Free and open source office suite similar to LibreOffice. I've seen a few people say this is better than LibreOffice and other similar options.
I've seen it mentioned in various places many years ago so I was surprised to see 0 results https://portableapps.com/search/node/OnlyOffice.
* The desktop editors are distributed under the AGPL-3.0-only license for personal and commercial usage. https://en.wikipedia.org/wiki/OnlyOffice
* Downloads https://www.onlyoffice.com/download-desktop.aspx
* Portable via AppImage (linux) https://www.onlyoffice.com/blog/2020/07/need-portable-version-of-onlyoff...
* Portable not planned for Windows (2023) https://forum.onlyoffice.com/t/is-there-a-way-to-run-onlyoffice-as-a-por...
* Planned but no timeline (2017) https://github.com/ONLYOFFICE/DesktopEditors/issues/31
* Discussion https://www.portablefreeware.com/forums/viewtopic.php?t=23285
* FC Portables has one but the site seems sketchy.
* A working portable version? https://sourceforge.net/projects/portable-apps-for-dummies/files/Office/...

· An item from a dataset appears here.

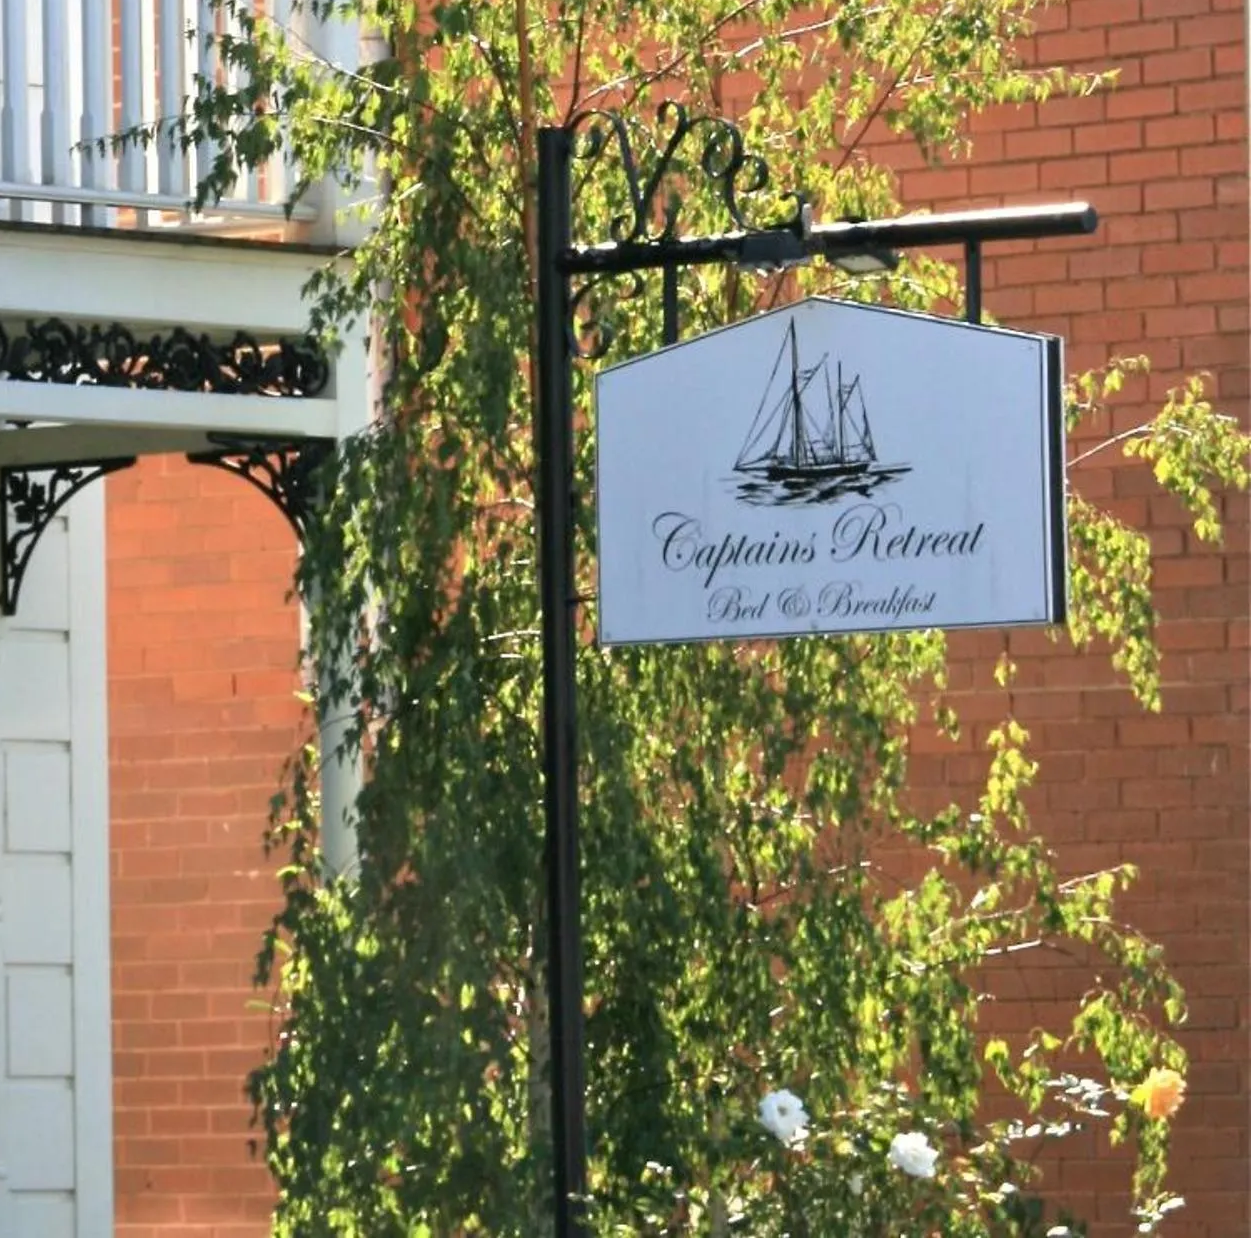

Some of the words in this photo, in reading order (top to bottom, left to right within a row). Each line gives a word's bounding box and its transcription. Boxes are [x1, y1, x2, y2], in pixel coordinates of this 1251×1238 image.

[830, 502, 984, 563] Retreat
[707, 586, 770, 623] Bed
[777, 586, 811, 617] &
[817, 580, 936, 619] Breakfast

From a quick look, it seems that ONLYOFFICE is a web app like Google Docs. The differences being that it's open source, you can host your own, and they provide a standalone desktop package of web app in an Electron/Chromium style setup. Weird that they don't just let you run it in your browser on its own.
Sometimes, the impossible can become possible, if you're awesome!
I think their collaborative, hosted web app versions are how they make money to fund the project.
I'm not really sure what all their offerings are, and I haven't personally tried any. I only recently learned about them being a LibreOffice alternative in a discussion about them having tabbed view and Libre not.
The Desktop Editors (cross-platform) are available from https://www.onlyoffice.com/en/download-desktop.aspx and https://github.com/ONLYOFFICE/DesktopEditors. Local installations can be used without any online account/subscription and I have not seen any ‘nag screens’. This is the way I tend use the editors on macOS for viewing/editing/exchanging MS Office for Windows documents as IME they appear to offer better compatibility with MS Office than LibreOffice, although they obviously do not allow access to the promoted Team collaboration benefits and features that seem underpin the paid online account services.
Some Linux distributions also make the Desktop Editor application directly available for download and I’m sure they wouldn’t be doing that if financial payment was seen to be a requirement for use.